Can a single-celled organism from the sea be smart?
Charles Darwin, the legendary naturalist, seemed to think so, at least according to a letter he penned in 1873 to invertebrate zoologist and physiologist William Benjamin Carpenter about micro-organisms known as foraminifera (forams for short). In it, he wrote, “My dear Carpenter… The case of the three species of protozoan which apparently select differently sized grains of sand, etc., is almost the most wonderful fact I ever heard of. One cannot believe that they have mental power enough to do so, and how any structure or kind of viscidity can lead to this result passes all understanding.”
It sounds like a lot of braininess for something so miniscule. But according to Joan Bernhard, a senior scientist at Woods Hole Oceanographic Institution, it’s not an overstatement.
“Although they don’t have brains, foraminifera are really smart in the way they build their shells,” she says.
Bernhard, who has been studying forams for more than three decades, says a species known as Astrammina triangularis is a good a case-in-point. The organisms, which she and colleagues collected in Antarctica during a series of under-ice scuba dives in 1993, begin their life as a single spherical cell surrounded by a few grains of sand. Over time, they build their shells using encasing sediment, the way a mason might build a wall with bricks. As the organisms grow, their shells take on a triangular shape (thus explaining the species name), with each apex being an opening in the shell for the forams’ stringy, arm-like projections (known as reticulopods).
By feel, the animals are able to figure out how their shells will need to change in order to maximize their ability to forage and move about. To grow, they create new apexes along the edges of their shells, which typically causes the shells to morph from a triangle into a square, then to a pentagon, and ultimately into other shapes like hexagons, heptagons, and octagons.
‘Brains’ and beauty
This kaleidoscopic shell-building ability not only makes foraminfera clever, but attractive as well. Some forams develop calcium carbonate shells with exquisite designs that have captured the imagination of painters, sculptors, and other types of artists with whom Bernhard has collaborated to communicate their scientific importance.
“My post doc advisor is very artistic and I’m very visually oriented,” she says. “He and I began working together to find ways to artistically express the value of our research. I made the science-art connection a part of a proposal, as it was what I wanted to do for my public outreach.”

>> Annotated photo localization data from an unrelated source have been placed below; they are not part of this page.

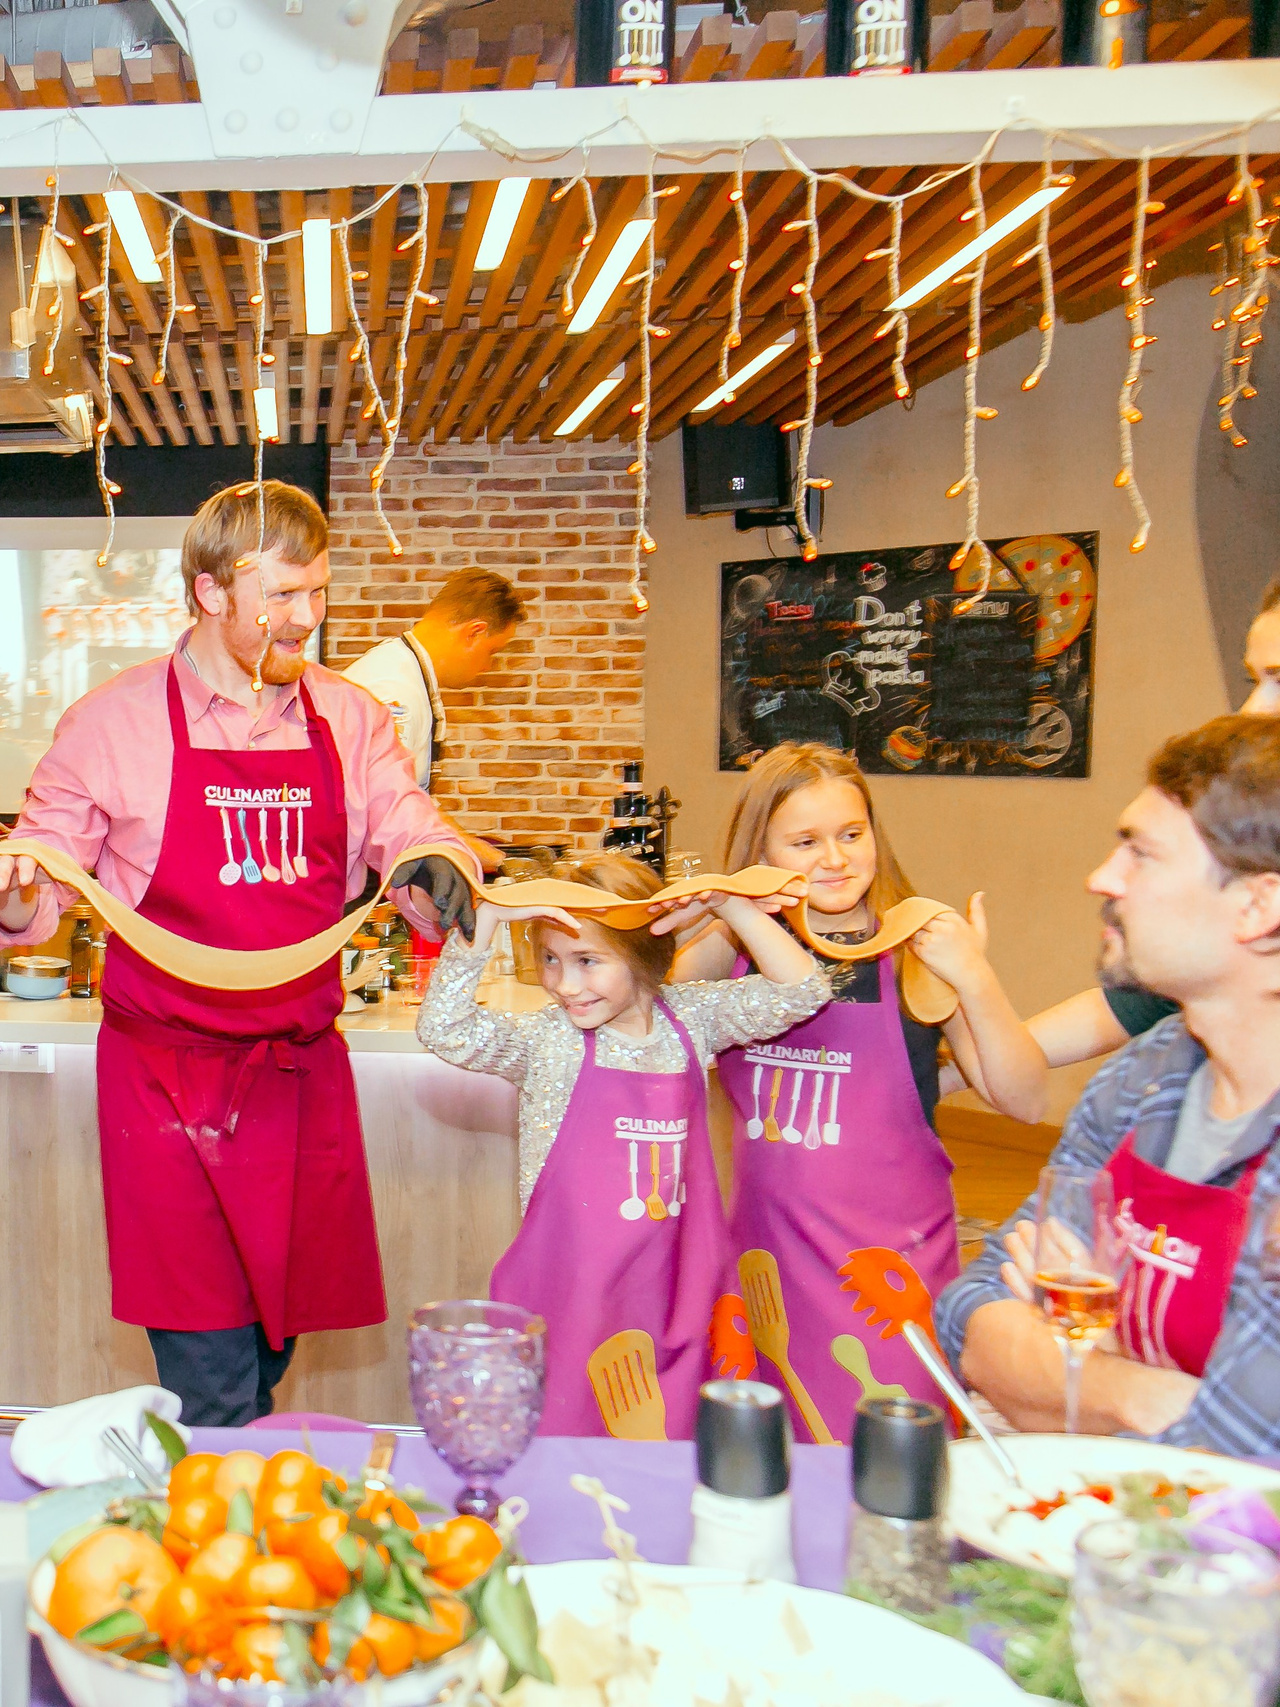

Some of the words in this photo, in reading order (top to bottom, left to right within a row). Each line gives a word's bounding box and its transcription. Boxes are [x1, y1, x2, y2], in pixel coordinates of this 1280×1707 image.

[621, 0, 664, 23] ON
[858, 0, 905, 23] ON
[952, 598, 1010, 616] enu
[854, 644, 909, 666] make
[865, 664, 925, 690] pasta
[614, 1116, 688, 1133] CULINAR

Forams were the theme of a science-through-art exhibition earlier this year in Lake George, New York, called “Adaptations to Extremes.” Artists displayed their works to help communicate the science behind the organisms’ ability to adapt to extreme habitats, such as California’s oxygen-depleted Santa Barbara Basin, where the single-celled wonders live in abundance.

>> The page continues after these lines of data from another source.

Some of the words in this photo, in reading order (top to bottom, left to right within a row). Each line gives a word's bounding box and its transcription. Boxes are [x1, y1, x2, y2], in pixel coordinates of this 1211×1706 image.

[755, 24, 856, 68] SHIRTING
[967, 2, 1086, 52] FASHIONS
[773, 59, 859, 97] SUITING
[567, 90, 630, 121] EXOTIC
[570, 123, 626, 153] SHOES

While they lend themselves well to art, Bernhard says forams are a serious tool for studying marine biology, and for understanding our past climate. The shells of forams living on the seafloor, along with those that died and sank to the bottom of the ocean, are time capsules: they hold clues to the geochemistry of the environment where and when their shells were developing.
“These things have likely been around since the Precambrian, long before animals evolved,” she says. “They are highly diverse; you can find them anywhere from coastal estuaries to the very bottom of the Mariana Trench, from the tropics to the highest latitudes. They’re a great tool for understanding our planet’s history.”
She points out, however, that there are some downsides to studying forams. For example, they don’t move very fast, so it can be hard to tell live ones from dead ones when working with them in the lab. And it’s extremely difficult to culture them like phytoplankton or some other single-celled organisms.
But Bernhard doesn’t let these negatives get in the way of her love affair with foraminifera, which she endearingly refers to as her ‘little friends.’
“Nearly every time I examine the cell structure of a different species, I discover some new adaptation that has allowed them to survive in a ‘hostile’ habitat,” she says. “They never cease to amaze me!”